The results of this study demonstrated that the application of plant extracts successfully prevented 100% reproduction of the red rust flour beetle. The action mechanism may involve their antifeedant or repellent properties, which aligns with the findings of Saxena et al.¹⁶, who reported effective control of T. castaneum using Citrus reticulata and Psidium guajava leaves. Antifeedants are substances that hinder or disrupt insect feeding by rendering the treated materials unattractive or unpalatable¹⁷. The analysis of variance revealed that damage, including percentage grain weight loss and beetle perforation index (BPI), was significantly reduced or entirely prevented when the plant powders and extracts were used.
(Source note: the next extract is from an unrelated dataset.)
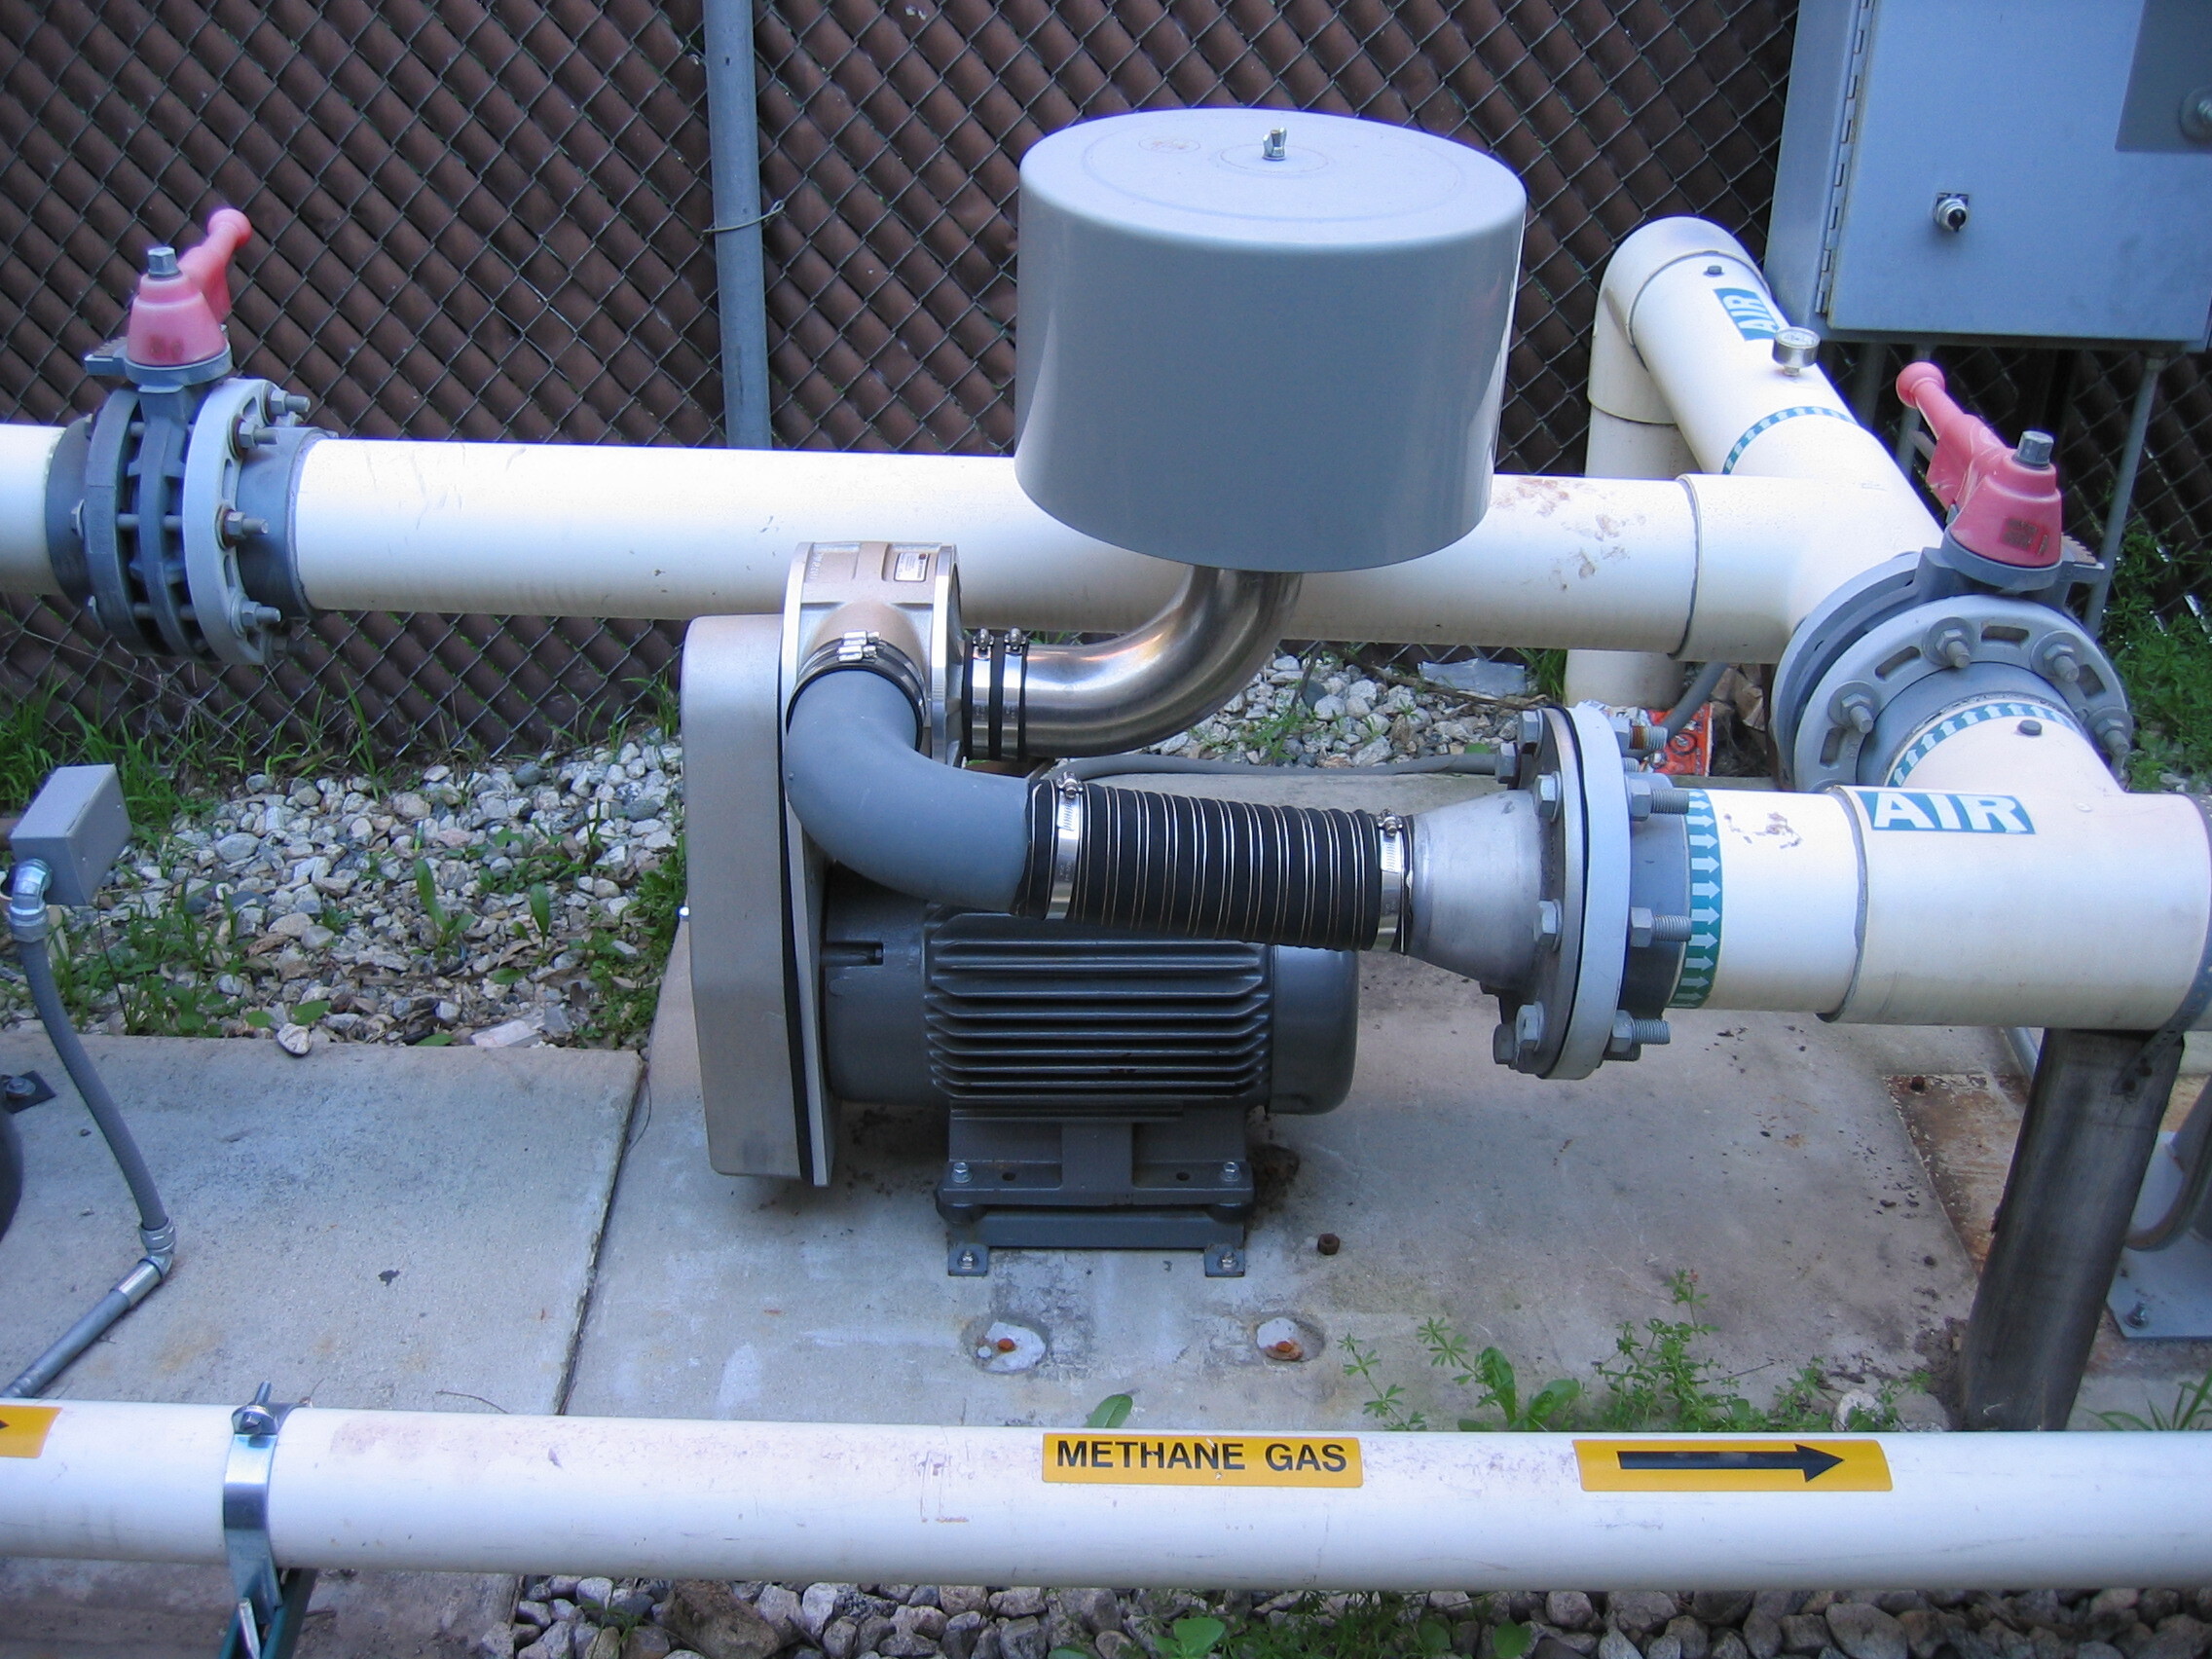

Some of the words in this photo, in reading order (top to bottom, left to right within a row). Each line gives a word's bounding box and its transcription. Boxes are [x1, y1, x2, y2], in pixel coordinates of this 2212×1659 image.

Oil extracts are recognized for their efficacy in controlling insects across all life stages^18-20.

In this present study, S. alata leaf powder and extract had the lesser value of lethal dose and concentration of the two plant leaves used and this shows its more potent toxicity level on T. castaneum and while R. communis leaf powder and extract had the higher value of lethal dose and concentration of the two-plant product used, this show that it has lesser toxicity potency as compared to S. alata. In the course of this research, the mortality of adult insects increased with both the duration of exposure and the concentration gradient. S. alata was found to be more effective than R. communis on the adult T. castaneum at all tested concentrations after Day 1 of exposure.

Ileke and Oni²¹ found that treatment with Cassia alata extracts resulted in a reduction of certain metabolic enzymes in T. castaneum, including Acid PhosphaTASR/2025e, Alkaline PhosphaTASR/2025e, Glutamate Pyruvate Transaminase, Glutamate Oxaloacetate Transaminase, Lactate Dehydrogenase, and Acetylcholinesterase. This decrease in metabolic enzyme activity suggests disruption of the insect’s chemical pathways, leading to abnormal physiological states that impair their survival, as reported by Zeba and Khan¹⁸.

The present study result agrees with Ojo and Ogunleye¹⁹ who reported the insecticidal efficacy of Cassia alata against C. maculatus. The present study has shown that the S. alata leaf powders are more toxic to T. castaneum than R. communis. The high mortality observed in the insects could explain the ability of plant powders and extracts to prevent seed damage and weight loss effectively. This may be due to the inhibition of egg laying by the insects on the treated grains, which subsequently reduced larval feeding and consequently prevented seed damage and weight loss, as noted by Nath et al.²². In this study, the toxicity of the plant materials varied depending on the type of plant and exposure duration. The findings also indicated that the leaf extracts were more toxic to the insects compared to the leaf powders used for contact toxicity. This difference in effectiveness may be attributed to the concentration of active ingredients in the extracts during the extraction process, as suggested by Salah et al.²³. The high mortality rate of T. castaneum exposed to the powders and extracts could be linked to contact toxicity, as the treated seeds, covered by the powders and extracts, acted as a toxic source for the adult beetles after consumption. Additionally, the treated grains limited the insects’ feeding, thereby hindering their normal growth and development, which led to starvation and eventually the death of some insects, as reported by Deme et al.²⁴.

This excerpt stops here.